И в моей жизни он тоже шел всегда впереди. С самого детства, с самого первого дня… Помню: несколько лет назад одна московская газета обратилась ко мне с просьбой — рассказать о том, каким он был — хлеб войны, хлеб Сибири. Как он выращивался, как доставался?.. Вопрос очень тяжелый, и я стал думать — как же ответить?
…Действительно, как же ответить? Я не спал тогда целую ночь — мучил свою память, оглядывался назад. И, конечно, в голове у меня поднялось столько картин, столько событий! А ведь все это было, было: и то, как мы прошлогоднюю картошку копали, и то, как лепешки стряпали из сушеной клубники, и то, как наши соседи Шевалдышевы толкли сухую огородную ботву на муку… Да только ли эти Шевалдышевы: в каждом доме стойла нужда, да еще с фронта шли похоронки. Я лежал без сна и все думал, как же мне поступить с этой газетой? Может быть, отказаться?.. Но так ничего и не придумал. А пришло утро — я пошел за советом к своей учительнице Ивановой Варваре Степановне. Она внимательно меня выслушала и улыбнулась как-то грустно, загадочно. А потом открыла свой дневничок и стала читать… Ах, этот дневничок — настоящая копилка и выручалочка! Варвара Степановна пишет его уже многие-многие годы — каждый месяц и каждый день.

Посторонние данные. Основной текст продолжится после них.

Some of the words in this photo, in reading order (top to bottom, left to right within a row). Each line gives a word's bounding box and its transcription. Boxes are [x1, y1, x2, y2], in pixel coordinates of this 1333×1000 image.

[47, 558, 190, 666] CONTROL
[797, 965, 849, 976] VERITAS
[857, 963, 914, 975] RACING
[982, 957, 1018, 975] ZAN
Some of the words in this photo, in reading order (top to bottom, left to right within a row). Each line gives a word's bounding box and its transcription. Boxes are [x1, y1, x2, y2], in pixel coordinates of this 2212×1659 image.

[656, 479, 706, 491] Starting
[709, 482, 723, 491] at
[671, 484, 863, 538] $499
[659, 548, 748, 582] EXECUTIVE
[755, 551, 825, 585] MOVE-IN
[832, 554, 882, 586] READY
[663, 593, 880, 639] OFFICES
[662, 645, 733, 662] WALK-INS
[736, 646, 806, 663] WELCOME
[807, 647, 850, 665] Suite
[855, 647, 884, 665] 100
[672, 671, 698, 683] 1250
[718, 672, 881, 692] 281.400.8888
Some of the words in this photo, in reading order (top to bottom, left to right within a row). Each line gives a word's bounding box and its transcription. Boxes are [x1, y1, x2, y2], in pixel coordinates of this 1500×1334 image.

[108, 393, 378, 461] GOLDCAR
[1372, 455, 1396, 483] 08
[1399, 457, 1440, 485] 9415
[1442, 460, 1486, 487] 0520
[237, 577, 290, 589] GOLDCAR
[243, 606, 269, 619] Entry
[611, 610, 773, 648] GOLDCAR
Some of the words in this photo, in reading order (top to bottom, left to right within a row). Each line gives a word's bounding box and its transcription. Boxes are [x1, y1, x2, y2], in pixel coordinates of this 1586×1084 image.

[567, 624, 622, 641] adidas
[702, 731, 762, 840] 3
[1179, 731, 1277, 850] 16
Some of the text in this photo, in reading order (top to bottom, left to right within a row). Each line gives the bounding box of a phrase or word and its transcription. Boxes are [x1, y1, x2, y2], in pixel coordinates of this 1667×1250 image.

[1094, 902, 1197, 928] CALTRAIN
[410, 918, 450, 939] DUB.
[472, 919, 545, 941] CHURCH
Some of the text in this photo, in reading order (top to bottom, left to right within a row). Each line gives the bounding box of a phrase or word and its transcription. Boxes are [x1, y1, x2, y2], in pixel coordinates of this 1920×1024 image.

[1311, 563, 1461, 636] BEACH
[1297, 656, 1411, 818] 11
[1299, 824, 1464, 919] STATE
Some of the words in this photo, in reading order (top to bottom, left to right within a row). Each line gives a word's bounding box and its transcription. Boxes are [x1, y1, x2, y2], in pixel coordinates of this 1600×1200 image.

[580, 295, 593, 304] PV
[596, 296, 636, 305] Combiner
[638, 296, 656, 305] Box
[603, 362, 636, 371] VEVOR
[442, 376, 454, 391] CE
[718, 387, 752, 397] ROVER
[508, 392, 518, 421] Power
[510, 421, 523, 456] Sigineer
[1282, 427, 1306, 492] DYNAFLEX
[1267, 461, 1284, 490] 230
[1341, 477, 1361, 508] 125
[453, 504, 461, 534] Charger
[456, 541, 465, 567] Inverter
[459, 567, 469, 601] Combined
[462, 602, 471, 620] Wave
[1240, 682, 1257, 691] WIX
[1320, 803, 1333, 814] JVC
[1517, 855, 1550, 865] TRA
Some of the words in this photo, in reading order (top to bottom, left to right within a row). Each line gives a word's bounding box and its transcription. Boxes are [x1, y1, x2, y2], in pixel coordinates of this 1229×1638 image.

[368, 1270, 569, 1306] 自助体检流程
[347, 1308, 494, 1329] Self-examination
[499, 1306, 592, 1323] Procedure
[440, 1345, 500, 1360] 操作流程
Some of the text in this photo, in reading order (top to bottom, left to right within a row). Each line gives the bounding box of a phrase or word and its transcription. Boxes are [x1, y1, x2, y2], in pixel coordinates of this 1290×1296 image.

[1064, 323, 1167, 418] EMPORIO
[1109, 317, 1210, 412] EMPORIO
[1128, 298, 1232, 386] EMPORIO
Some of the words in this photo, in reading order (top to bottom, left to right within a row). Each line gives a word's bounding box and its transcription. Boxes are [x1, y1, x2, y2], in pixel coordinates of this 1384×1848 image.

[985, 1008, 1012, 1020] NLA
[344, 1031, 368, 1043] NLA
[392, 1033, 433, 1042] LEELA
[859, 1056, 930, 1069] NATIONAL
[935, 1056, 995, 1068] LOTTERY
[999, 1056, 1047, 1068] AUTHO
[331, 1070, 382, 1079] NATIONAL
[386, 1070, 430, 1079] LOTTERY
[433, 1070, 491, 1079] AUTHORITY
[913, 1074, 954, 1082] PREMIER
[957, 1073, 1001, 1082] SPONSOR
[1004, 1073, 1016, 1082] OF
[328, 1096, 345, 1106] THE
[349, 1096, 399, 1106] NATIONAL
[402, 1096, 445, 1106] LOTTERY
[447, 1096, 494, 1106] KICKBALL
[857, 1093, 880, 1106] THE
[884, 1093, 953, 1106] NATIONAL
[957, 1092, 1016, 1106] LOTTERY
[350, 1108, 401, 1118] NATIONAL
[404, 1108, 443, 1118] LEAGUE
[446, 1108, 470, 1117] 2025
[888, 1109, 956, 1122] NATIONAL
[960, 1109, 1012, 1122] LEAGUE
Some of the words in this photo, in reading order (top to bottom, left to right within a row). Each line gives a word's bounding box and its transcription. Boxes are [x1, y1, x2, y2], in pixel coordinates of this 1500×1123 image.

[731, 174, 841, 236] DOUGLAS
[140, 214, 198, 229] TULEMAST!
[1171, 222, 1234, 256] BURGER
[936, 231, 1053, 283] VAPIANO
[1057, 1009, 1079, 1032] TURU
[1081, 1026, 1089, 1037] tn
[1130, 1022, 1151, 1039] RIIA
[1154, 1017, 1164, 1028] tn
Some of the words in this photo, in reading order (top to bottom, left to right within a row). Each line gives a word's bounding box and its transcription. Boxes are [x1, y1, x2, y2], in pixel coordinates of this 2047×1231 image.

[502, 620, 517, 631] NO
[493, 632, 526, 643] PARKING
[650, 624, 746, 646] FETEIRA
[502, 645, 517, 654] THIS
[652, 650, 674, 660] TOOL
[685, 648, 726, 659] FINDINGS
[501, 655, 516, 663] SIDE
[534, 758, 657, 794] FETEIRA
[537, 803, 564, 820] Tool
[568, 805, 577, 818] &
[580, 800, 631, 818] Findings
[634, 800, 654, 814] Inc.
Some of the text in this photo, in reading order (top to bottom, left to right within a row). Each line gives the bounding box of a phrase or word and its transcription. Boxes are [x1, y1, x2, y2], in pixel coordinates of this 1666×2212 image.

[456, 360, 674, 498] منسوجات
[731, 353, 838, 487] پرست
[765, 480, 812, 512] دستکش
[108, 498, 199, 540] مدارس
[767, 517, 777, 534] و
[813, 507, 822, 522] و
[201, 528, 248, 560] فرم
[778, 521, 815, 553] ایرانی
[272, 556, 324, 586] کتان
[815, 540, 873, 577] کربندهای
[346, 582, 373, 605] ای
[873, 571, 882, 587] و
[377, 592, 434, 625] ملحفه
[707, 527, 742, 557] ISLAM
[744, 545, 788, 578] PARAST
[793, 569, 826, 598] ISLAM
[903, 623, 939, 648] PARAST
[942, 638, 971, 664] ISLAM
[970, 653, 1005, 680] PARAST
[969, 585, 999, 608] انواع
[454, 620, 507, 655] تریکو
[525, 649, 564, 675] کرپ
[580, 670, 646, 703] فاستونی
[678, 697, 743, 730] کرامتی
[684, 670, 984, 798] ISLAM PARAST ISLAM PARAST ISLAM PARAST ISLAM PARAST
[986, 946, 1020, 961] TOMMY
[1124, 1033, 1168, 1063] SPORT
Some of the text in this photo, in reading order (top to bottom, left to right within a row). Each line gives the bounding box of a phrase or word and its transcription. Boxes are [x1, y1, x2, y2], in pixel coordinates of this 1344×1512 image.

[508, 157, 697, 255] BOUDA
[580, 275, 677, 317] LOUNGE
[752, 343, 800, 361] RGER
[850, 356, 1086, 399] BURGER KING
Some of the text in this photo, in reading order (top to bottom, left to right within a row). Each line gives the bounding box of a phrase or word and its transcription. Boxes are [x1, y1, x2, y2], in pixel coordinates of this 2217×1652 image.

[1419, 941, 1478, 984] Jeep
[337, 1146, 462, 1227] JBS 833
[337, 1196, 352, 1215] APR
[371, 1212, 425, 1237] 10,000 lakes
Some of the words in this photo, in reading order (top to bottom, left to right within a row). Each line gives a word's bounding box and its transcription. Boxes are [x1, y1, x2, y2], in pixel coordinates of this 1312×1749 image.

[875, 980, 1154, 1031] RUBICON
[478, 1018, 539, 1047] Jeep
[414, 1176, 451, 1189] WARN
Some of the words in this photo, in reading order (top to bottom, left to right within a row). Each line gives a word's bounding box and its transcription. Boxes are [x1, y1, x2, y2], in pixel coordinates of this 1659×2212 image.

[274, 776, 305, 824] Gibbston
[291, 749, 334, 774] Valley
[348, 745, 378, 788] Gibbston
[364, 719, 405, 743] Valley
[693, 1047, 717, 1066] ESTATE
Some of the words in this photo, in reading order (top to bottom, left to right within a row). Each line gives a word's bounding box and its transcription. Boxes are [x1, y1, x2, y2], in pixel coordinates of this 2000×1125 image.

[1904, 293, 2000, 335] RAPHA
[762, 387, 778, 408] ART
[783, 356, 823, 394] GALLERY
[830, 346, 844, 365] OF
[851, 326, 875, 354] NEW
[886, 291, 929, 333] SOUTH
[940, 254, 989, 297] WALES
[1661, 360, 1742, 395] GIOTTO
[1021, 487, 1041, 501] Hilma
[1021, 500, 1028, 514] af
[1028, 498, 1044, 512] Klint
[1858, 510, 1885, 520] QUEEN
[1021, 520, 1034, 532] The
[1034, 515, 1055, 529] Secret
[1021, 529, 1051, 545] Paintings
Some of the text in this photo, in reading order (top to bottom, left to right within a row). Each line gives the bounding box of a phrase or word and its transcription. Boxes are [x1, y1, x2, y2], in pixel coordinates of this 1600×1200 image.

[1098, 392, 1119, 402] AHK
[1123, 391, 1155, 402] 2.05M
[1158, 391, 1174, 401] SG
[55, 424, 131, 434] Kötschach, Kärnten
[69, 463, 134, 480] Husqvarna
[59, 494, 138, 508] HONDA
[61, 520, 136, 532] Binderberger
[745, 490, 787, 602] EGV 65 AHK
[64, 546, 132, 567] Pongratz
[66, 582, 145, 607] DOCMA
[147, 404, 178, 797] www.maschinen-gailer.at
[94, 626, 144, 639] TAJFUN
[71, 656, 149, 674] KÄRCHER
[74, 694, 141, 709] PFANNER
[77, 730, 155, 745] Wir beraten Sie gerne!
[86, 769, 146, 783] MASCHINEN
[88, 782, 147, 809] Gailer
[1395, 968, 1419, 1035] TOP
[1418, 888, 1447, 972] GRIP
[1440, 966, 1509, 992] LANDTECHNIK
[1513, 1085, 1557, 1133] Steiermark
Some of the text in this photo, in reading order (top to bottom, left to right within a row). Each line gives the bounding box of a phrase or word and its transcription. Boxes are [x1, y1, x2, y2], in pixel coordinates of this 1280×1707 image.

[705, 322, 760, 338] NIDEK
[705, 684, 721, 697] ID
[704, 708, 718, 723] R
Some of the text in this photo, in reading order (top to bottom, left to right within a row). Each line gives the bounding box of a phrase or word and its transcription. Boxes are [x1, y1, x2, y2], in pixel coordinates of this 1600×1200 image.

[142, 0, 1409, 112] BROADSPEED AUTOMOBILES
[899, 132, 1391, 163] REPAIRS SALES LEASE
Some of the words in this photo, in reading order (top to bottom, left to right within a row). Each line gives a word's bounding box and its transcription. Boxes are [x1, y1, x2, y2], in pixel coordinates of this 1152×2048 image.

Она читала мне не спеша, с остановками: «Вот и наступила весна сорок второго. Тобол наш с краями, не река — море синее, злое, волны хлещут под самым яром. А мы все — на острове, на настоящем заброшенном острове, даже почта не ходит. Да что почта, людям есть нечего, перекапываем огороды, достаем мерзлую картошку. Но мало этой картошечки — не разгонишься. И горько мне, тягостно, как на поминках. Сегодня, 23 апреля, выпал снег. А еще вчера о посевной решали, приготовили семена… И вот с утра — снег, откуда только принесло его на нашу голову. А к вечеру — ветер, сырой, напористый северняк. Не ветер, а настоящий разбойник, который рвал крыши, выставлял рамы, валил с корнем сосны. Тобол-батюшко стонал весь, измучился, волны ходят выше домов. А наши пашни, наши посевы — на том берегу… Но боже мой! Чего это я заметила, не смотрели бы мои глаза!.. Отчалила от берега лодочка и понеслась, полетела — завертело ее могучей водой. Опять наши бабоньки на пашни поехали, повезли семена. Вот жизнь, вот герои, а если кувырнет вода лодочку — и нету их, не догонишь…» И вот закрылась страничка. Варвара Степановна откинула голову и прищурилась. Голова у ней седая, печальная, и мне жаль ее седины.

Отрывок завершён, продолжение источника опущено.